Holy hell.Sloane literally has the ability to make people’s, men and women, mouths drop at how gorgeous she is. She’s stunning with her hair down on one naked shoulder, in a short little black designer dress with a sweetheart neckline that enhances her perfect cleavage in a totally classy way.
“You look beautiful, Kitten,” I say turning to face her and putting both my hands on her hips, pulling her closer to me. I see her gaze soften as her jade green eyes meet mine but my kitten is a little mischievous thing because she openly teases me.
“You clean up pretty well too, Rivs. But the knot on your tie is a mess.” She fixes it with deft hands, brushing her fingers against the skin of my throat while she works. I chuckle, nuzzling her behind her ear and inhaling the sweet scent of her shampoo.
“Well fuck, I watched a tutorial on YouTube on how to do a fucking tie knot and they recommended the ‘Four in hand’ as the easiest knot. The fuck it was easy!
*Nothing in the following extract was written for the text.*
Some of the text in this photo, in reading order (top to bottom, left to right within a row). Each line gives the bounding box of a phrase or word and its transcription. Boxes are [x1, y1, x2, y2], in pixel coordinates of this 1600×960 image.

You’d think after all the money we spent on these clothes, they could’ve thrown in a clip-on tie, right?”
She giggles and fuck if I’d give my left arm to hear that sound all the time. I think that having an ocean between her and that fucking psycho of her ex makes her feel less on edge, having us all close to her, makes her feel safer. I hope it does. I know it’s crazy, thinking about how this whole thing started between us but I’ve learned not to question the unexpected gifts that life throws at you. It doesn’t happen often, so when it does take what you’re given, punch your ticket and prepare for whatever ride you’re offered.
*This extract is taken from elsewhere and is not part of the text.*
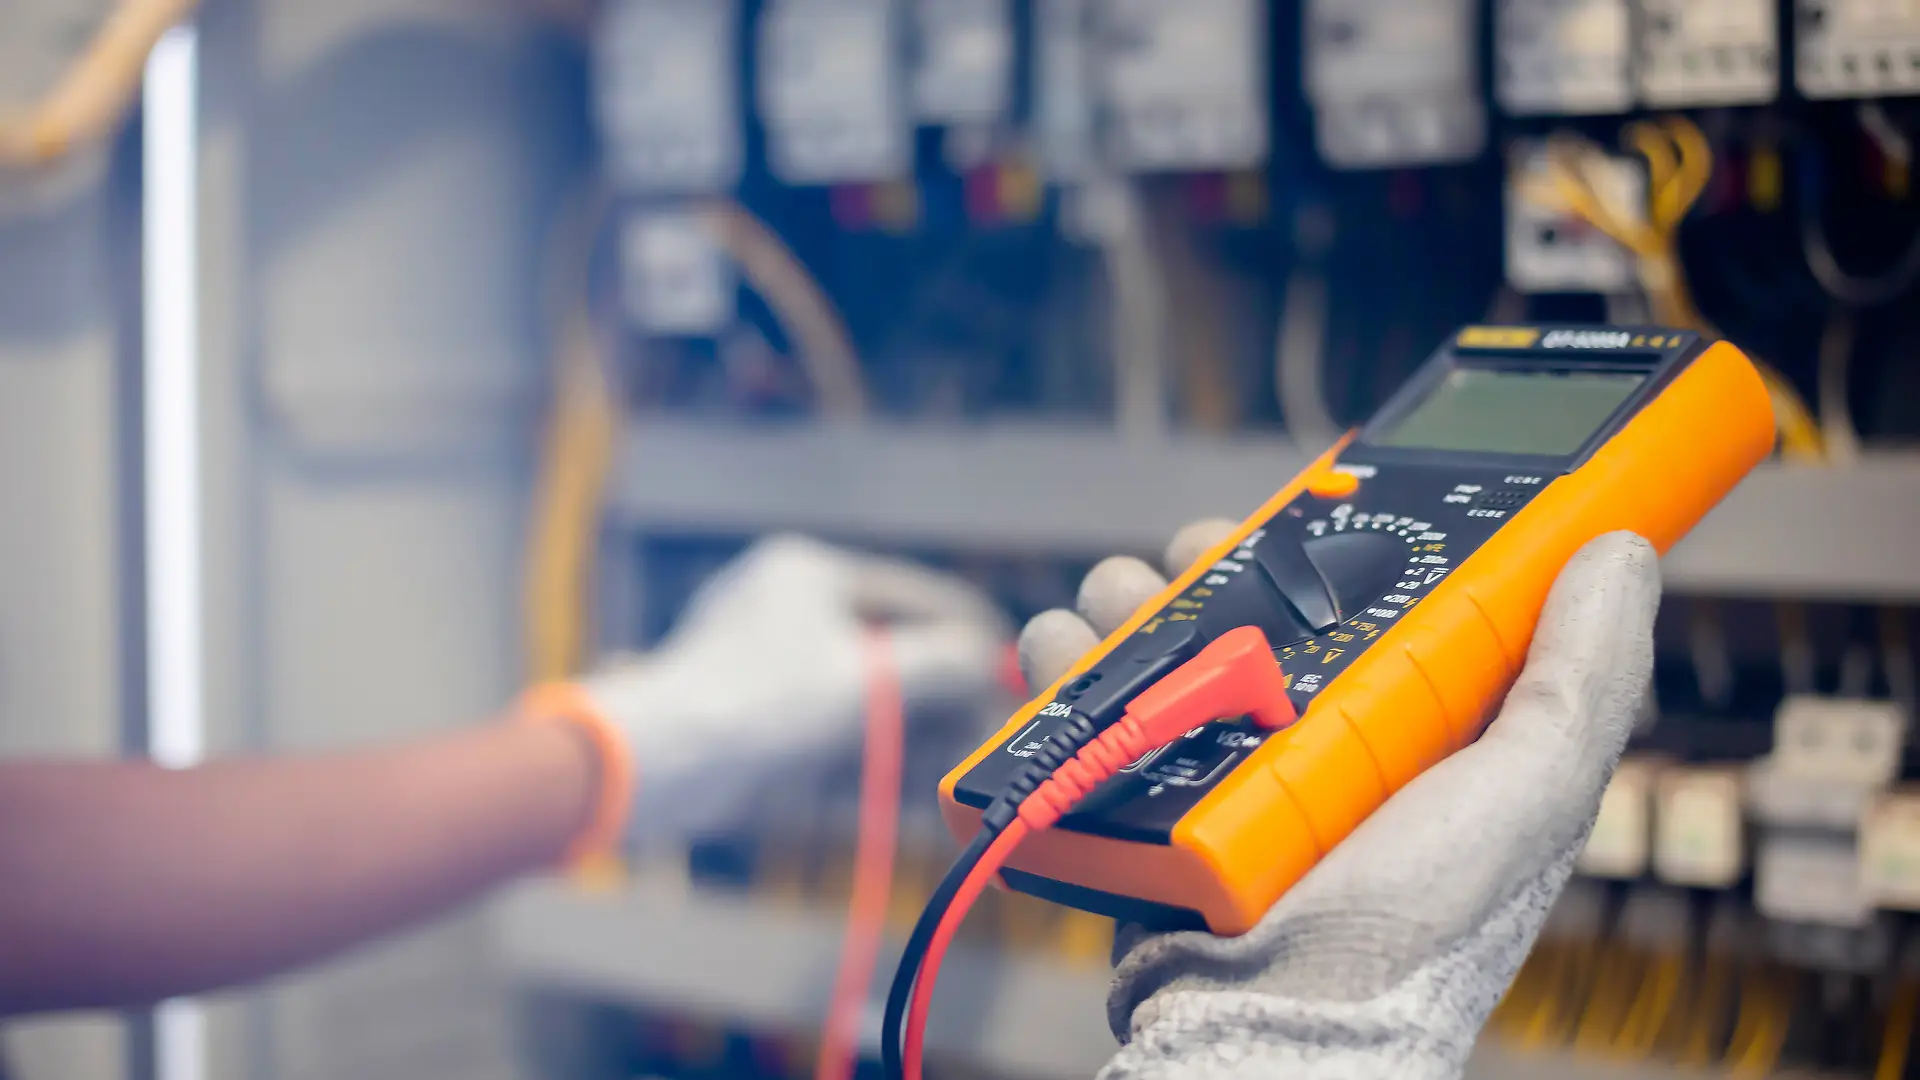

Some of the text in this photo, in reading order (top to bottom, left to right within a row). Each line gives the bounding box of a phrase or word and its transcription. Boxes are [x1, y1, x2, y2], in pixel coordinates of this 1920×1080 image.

I don’t know what will happen after this is all over, I trust Kaden that even if we fail on our mission, he’ll find a way to help us. I know he might’ve lied about a lot of things but not about his personal feelings toward all of us. He promised me that whatever happens, my Josie will be taken care of and that is all I need. But I want to talk to the others alone about finding a way to get rid of Sloane’s ex. Not just because I have a score to settle with that motherfucker, but because my kitten deserves to live without having to constantly watch her own back.
We walk into the penthouse living room and it might be down to the fact that I grew up poor but this level of luxury always makes me feel on edge. Don’t get me wrong, I fucking love it but there’s something outrageous about gold moldings, frescos on the ceiling, white marble, fine china, and five thousand thread count cotton bedsheets. If I thought that the hotel in Beverly Hills was lavish, this is definitely on another level. It feels like being in a royal palace, it reminds me of the photos of Buckingham Palace and Windsor Castle that I saw during the last two royal weddings in England.
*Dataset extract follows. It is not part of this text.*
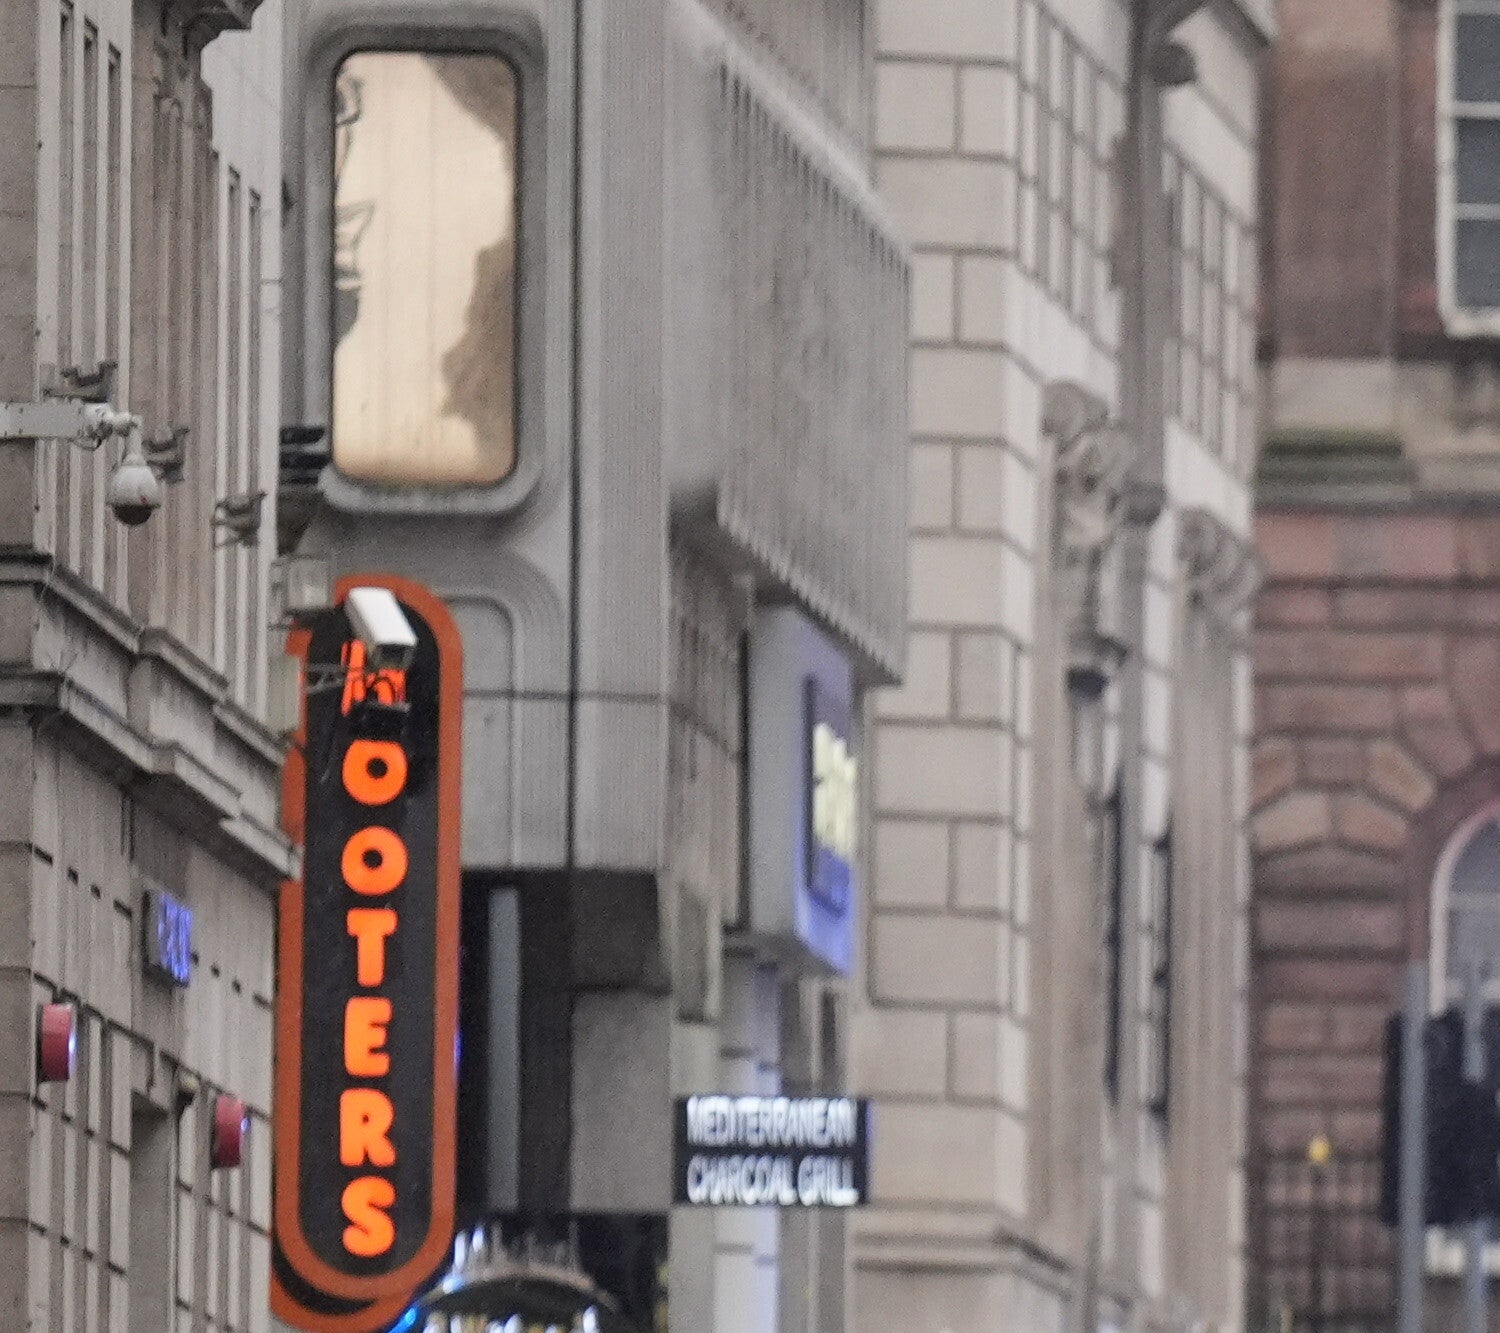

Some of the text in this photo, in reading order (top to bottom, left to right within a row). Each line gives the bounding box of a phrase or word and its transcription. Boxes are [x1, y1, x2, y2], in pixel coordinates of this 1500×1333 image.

Yeah, I may have watched those. What? Josie got such a kick out of it; I couldn’t deny her that.
The others are sitting on the huge white sectional, Royce and Kaden drinking coffee from the most exquisite china I’ve ever seen. And I fucking shit you not, Kaden looks completely at ease in the situation but Royce is just fucking ridiculous, and I mean that in the nicest way possible. But really, how you manage to get a massive linebacker, the gruff bank robber who wears a very appropriate mask of the hulk during our heists, to look like James motherfucking Bond is beyond me. The fragile coffee cup looks even smaller in his huge hands but somehow Royce looks like he’s in his element. It’s weird as hell seeing him like this and it makes me feel better knowing that he could probably turn violent pretty easily. I know, healthy, right?
The one who instead is uncharacteristically nervous is Blaine, who decided to ditch the coffee and help himself to some kind of amber color liquor from the perfectly stocked bar on one side of the sitting area. He fills a crystal tumbler with a dark amber liquid from a crystal decanter and empties the glass in one long gulp. He immediately refills it again and that’s when our eyes meet.
“Rivs, Honey Bunny, would you like something a bit stronger than coffee?”
I’ve got a funny remark right on the tip of my tongue, but Sloane gives me a warning look and I decide to play nice. I can rib the motherfucker later on, once he’s a little less on edge.